Quick heads up: This is based on my experience at SRMIST KTR. The program structure, selection process, and details might vary at other institutions. This is my take on how it worked for us.
The Apple × Infosys iOS Developer Program isn't just another certification. It's a year-long transformation from college student to product builder. Let me walk you through what it actually takes to get in, what happens inside, and whether it's worth it.
The Selection Process
Applications open in your 4th semester via a Google Form. You fill it with your profile details - CGPA, projects, skills, whatever you've done so far.
From around 2,000 applications, roughly 350 students get shortlisted purely on profile strength. If you make it through, you get called for the bootcamp.
The Bootcamp - Where Selection Really Happens
At the start of 5th semester, shortlisted students come in for a 5-day offline bootcamp in the Mac Lab. This is where things get real.

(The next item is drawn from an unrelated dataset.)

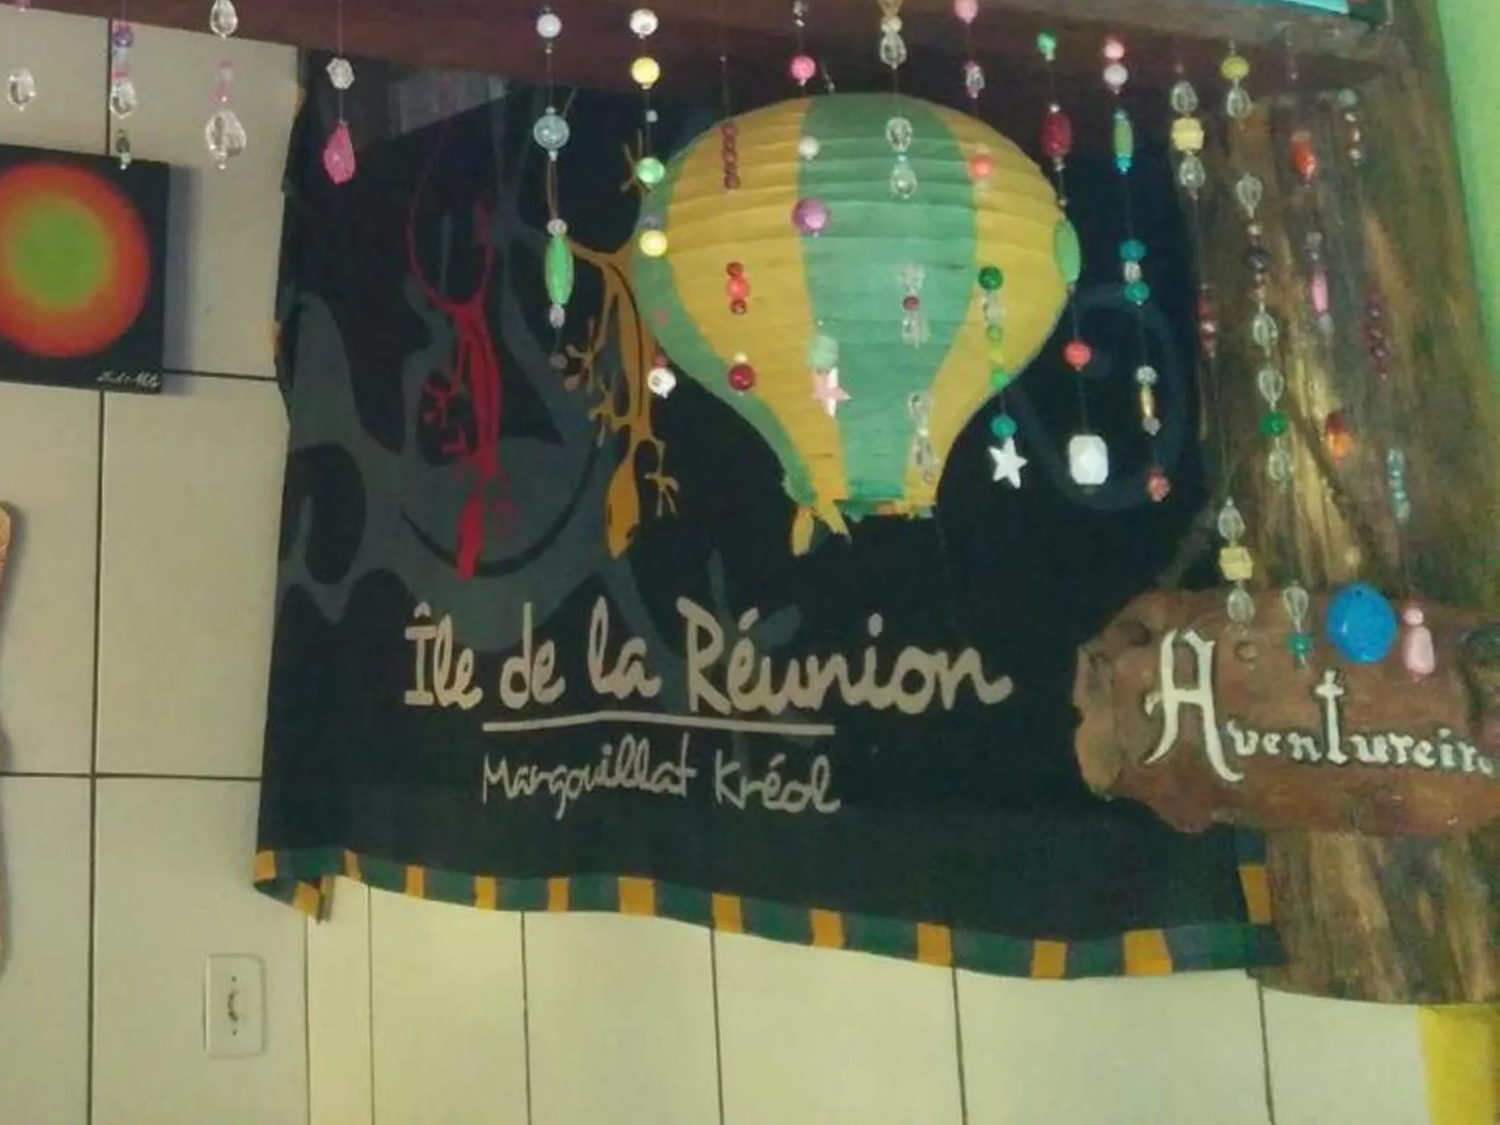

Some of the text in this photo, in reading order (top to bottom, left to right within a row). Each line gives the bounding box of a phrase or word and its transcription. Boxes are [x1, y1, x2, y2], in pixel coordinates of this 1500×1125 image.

[404, 596, 1013, 715] Île de la Réunion
[714, 749, 841, 813] Kréol

You're put into random teams, given an actual problem statement, and you have five days to: ideate a solution, design it, and pitch it. This round carries 50 marks and is the most important part of selection.

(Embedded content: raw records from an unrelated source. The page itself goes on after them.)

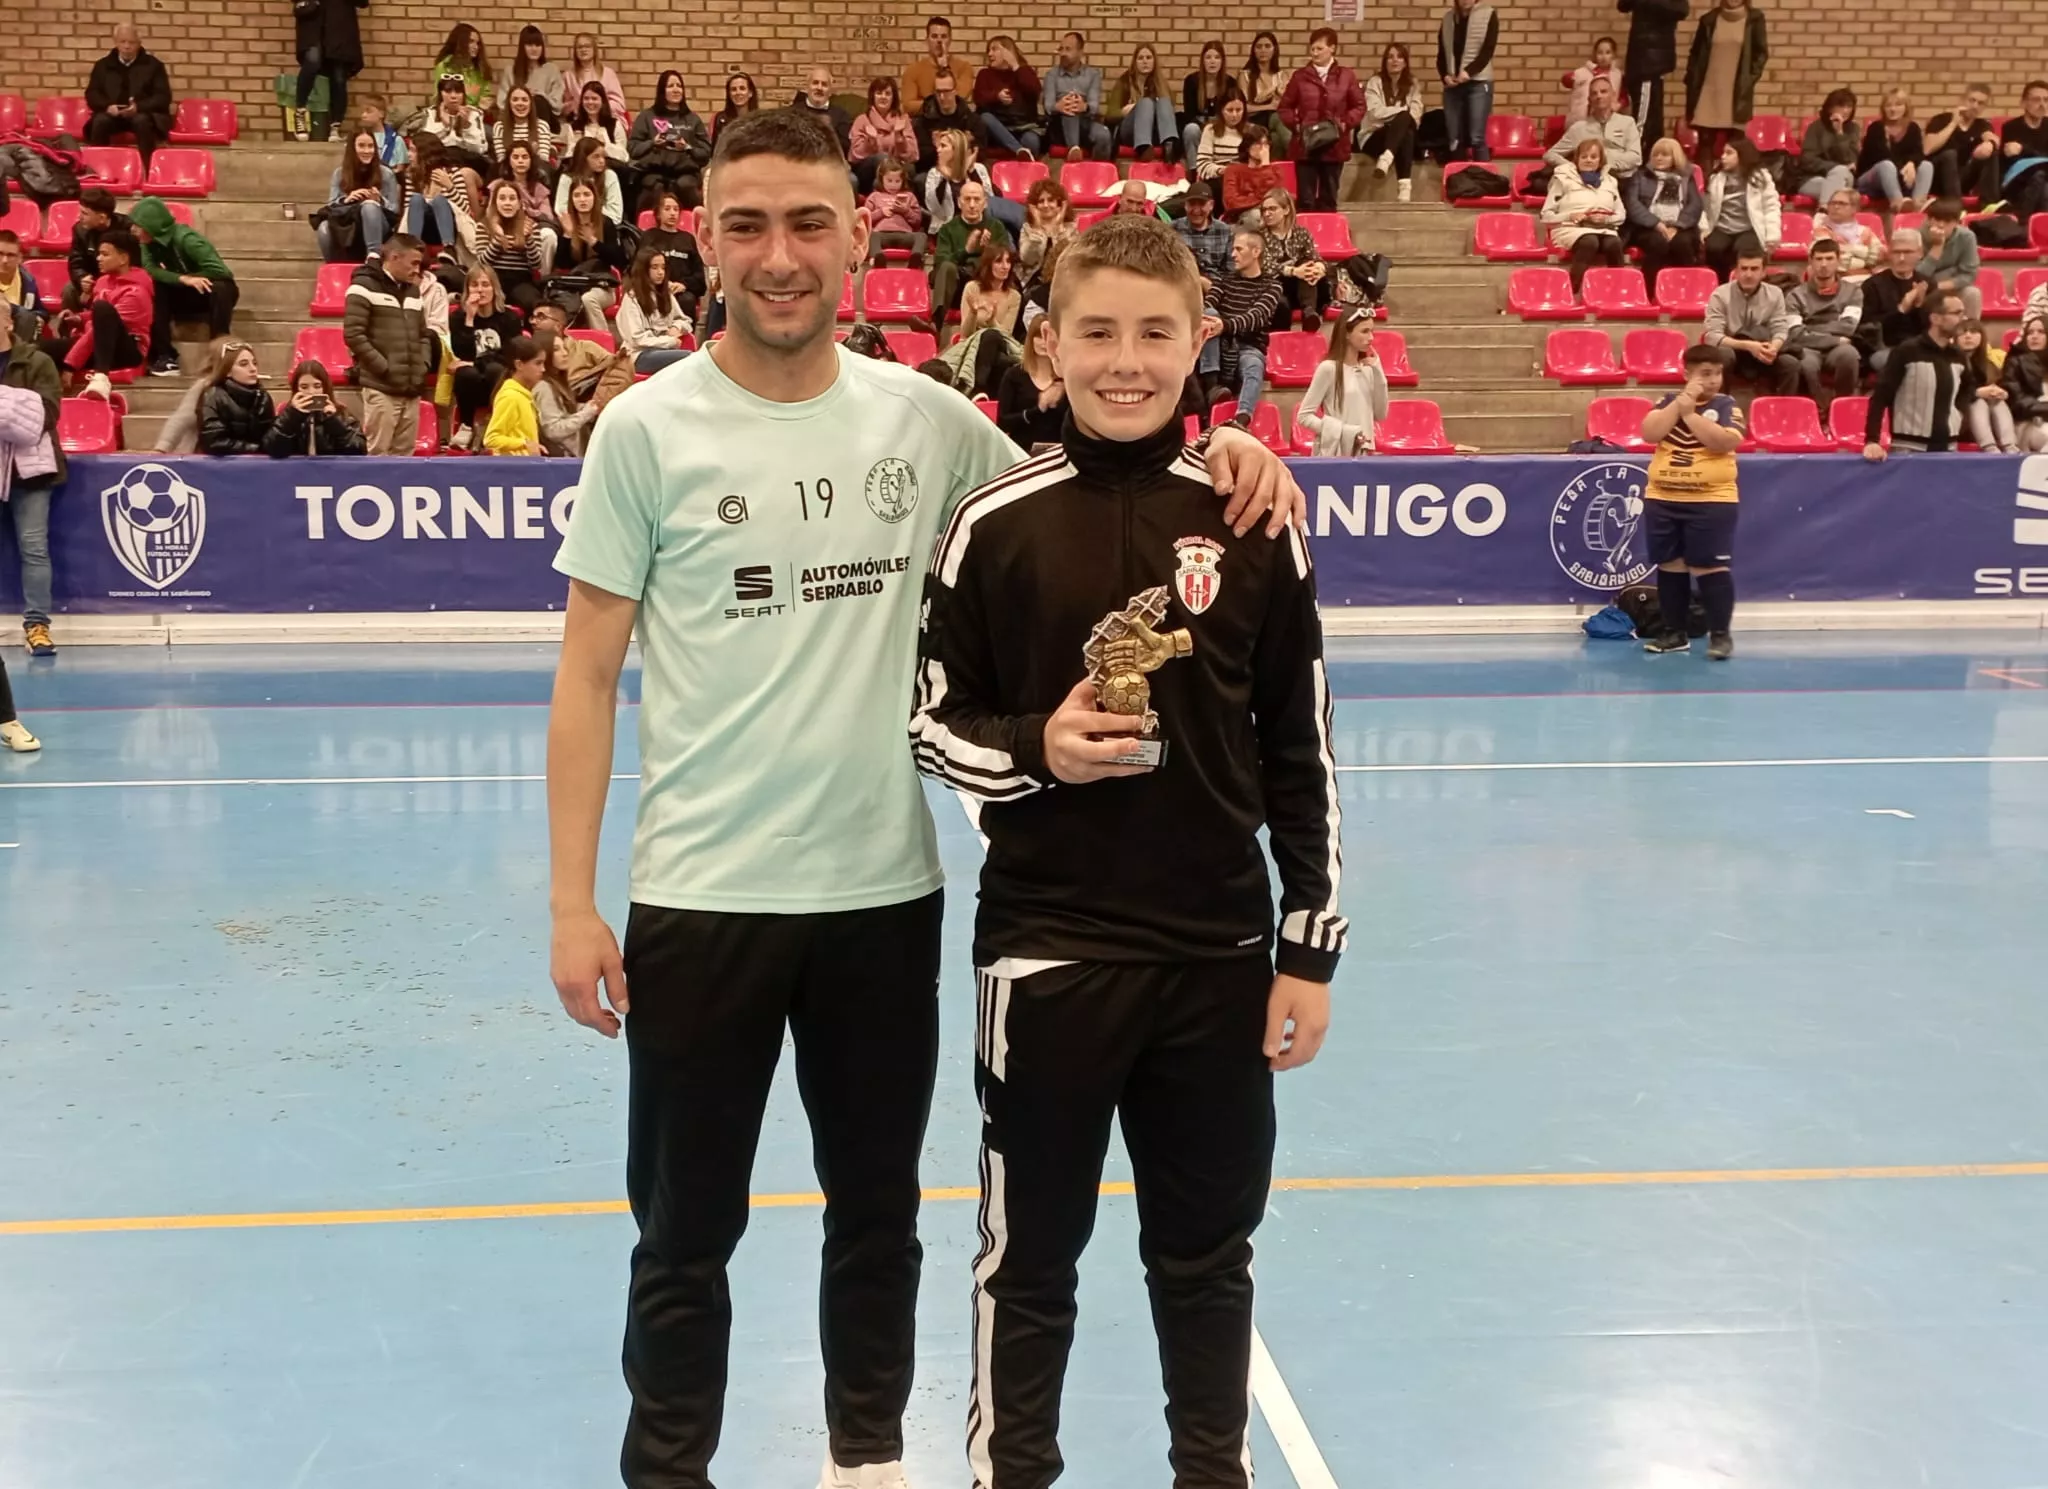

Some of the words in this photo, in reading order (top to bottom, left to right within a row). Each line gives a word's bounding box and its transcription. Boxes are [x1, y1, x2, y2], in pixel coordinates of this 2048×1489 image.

[1605, 467, 1628, 480] LA
[1658, 470, 1703, 478] SEAT
[794, 477, 834, 521] 19
[1300, 483, 1507, 537] NIGO
[801, 556, 911, 585] AUTOMÓVILES
[801, 579, 884, 603] SERRABLO
[724, 604, 786, 619] SEAT

On the same Sunday, there's an Infosys coding exam (2 questions, 50 marks). Combined, these two rounds decide everything.
Results come in 3-4 days. From thousands of applicants, only 100 students make it. Recent cutoff: 62 marks out of 100.
Quick note: Even if you don't get selected, your bootcamp + exam marks can replace your 5th semester open elective. So it's not wasted effort.
What Changes After You're In
You're split into two batches of 50 (morning and evening). Your entire 5th semester changes. No regular classes. Instead, you get:
- Principles of UX/UI Design (Professional Elective)
- iOS App Development Skills (Professional Elective)
- iOS App Prototype Design and Development (Professional Elective)
- FLA (Common Subject)
- Maths (Common Subject)
All classes happen inside the Apple Building at CRC. You get a Mac assigned to you. It stops feeling like college pretty quickly.
How the Year Actually Works
This runs through your entire 3rd year. You pick a team of three, come up with an app idea, and then build it properly.
Not a college project. An actual product that goes on the App Store.
You go through multiple mentor reviews. You defend your design choices. You iterate. You refine. You learn how real products are built, not just coded.
There's also a month-long offline internship at Infosys - you actually visit their office, work there, see how a corporate setup functions.
Some core subjects that don't fit in 5th semester get shifted to 6th. Your schedule looks different from regular students, but it's manageable.
What It's Actually Like Inside
The culture is nothing like regular college. You're sitting with a Mac in every class (except Maths and FLA). It feels less like a classroom, more like a product studio.
There's more freedom. More ownership. More responsibility. You're not just attending lectures - you're building something that will have your name on it in the App Store.
What Apple Actually Evaluates
This isn't about memorizing Swift syntax. Apple cares about:
- How clearly you think through problems
- Why you make certain design decisions
- How you tell the story of your product
- Whether you keep things simple or overcomplicate
- How consistent you are through reviews and iterations
You're evaluated more on how you think and design than how much code you write. That's the Apple way.
Let's Clear Some Myths
"Your CGPA will drop" - Not true. Your academics stay safe if you manage your time. The program is demanding, but it's not designed to tank your grades.
"You'll miss placements" - Also not true. You get all placement opportunities like regular students. The only catch: you might miss some companies that visit during your Infosys internship month.
What You'll Actually Learn
This program changes how you think about building products. You stop rushing features and start thinking in user flows, accessibility, performance, documentation, and long-term usability.
You build slower, but you build better. That's what matters.
If you're wondering whether to apply - ask yourself: Do you want to learn how to build things the Apple way? Do you care about design and product thinking, not just code? Are you ready to commit a full year to becoming a better builder?
If yes, fill the form when it comes. It's worth it.